▽

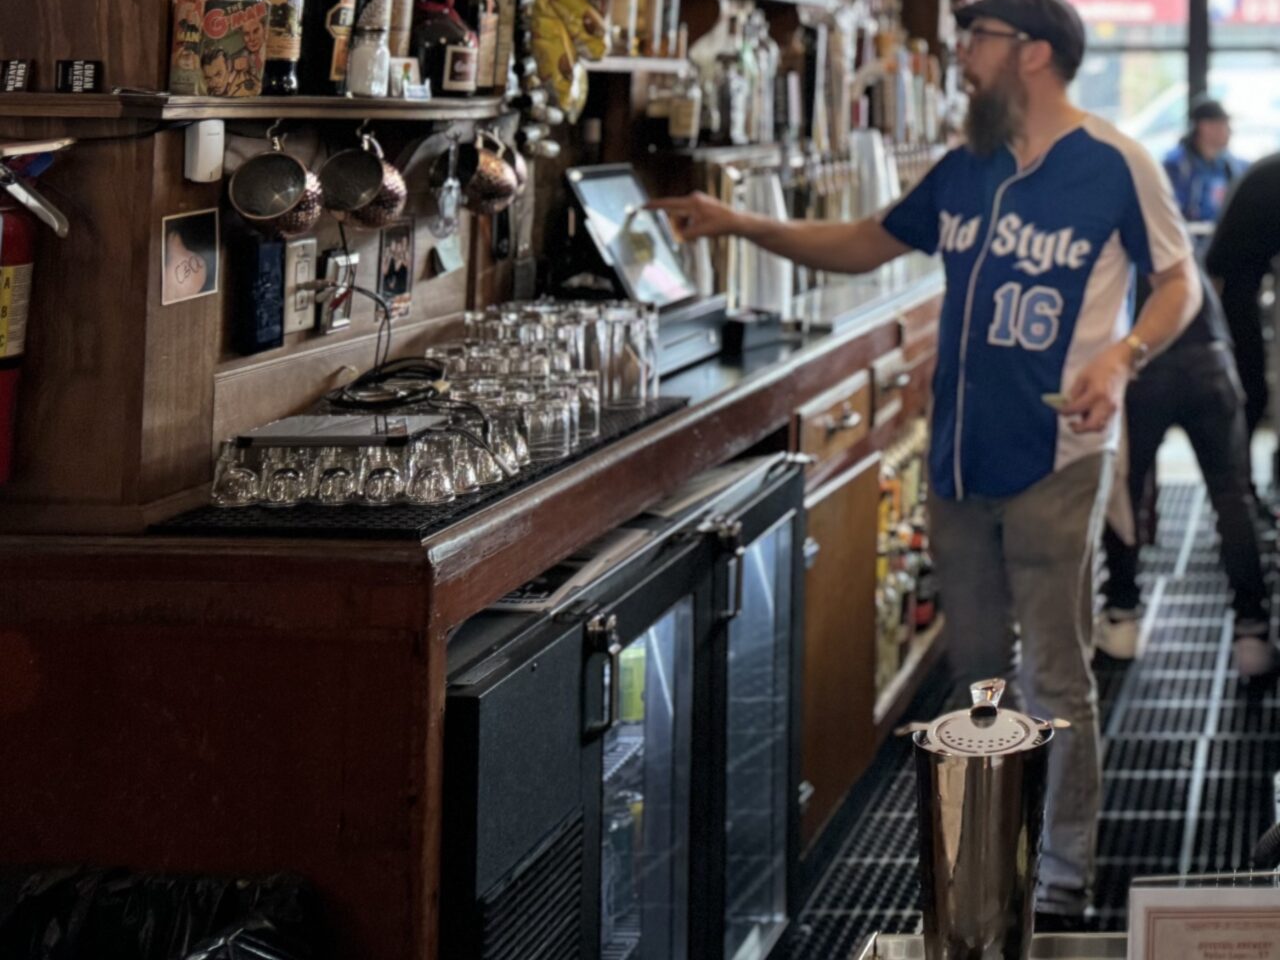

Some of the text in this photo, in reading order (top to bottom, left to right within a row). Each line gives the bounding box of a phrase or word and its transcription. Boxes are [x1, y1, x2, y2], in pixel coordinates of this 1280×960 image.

[226, 2, 243, 15] THE
[5, 60, 19, 92] TAVERN
[15, 63, 26, 88] GMAN
[72, 60, 84, 93] TAVERN
[83, 64, 95, 89] GMAN
[991, 212, 1092, 276] Style
[987, 281, 1064, 351] 16

△

● Exercise objective: Every line of the listing above is to be repeated exactly, with its pictures left out.

● Answer to the problem:
Some of the text in this photo, in reading order (top to bottom, left to right within a row). Each line gives the bounding box of a phrase or word and its transcription. Boxes are [x1, y1, x2, y2], in pixel coordinates of this 1280×960 image.

[226, 2, 243, 15] THE
[5, 60, 19, 92] TAVERN
[15, 63, 26, 88] GMAN
[72, 60, 84, 93] TAVERN
[83, 64, 95, 89] GMAN
[991, 212, 1092, 276] Style
[987, 281, 1064, 351] 16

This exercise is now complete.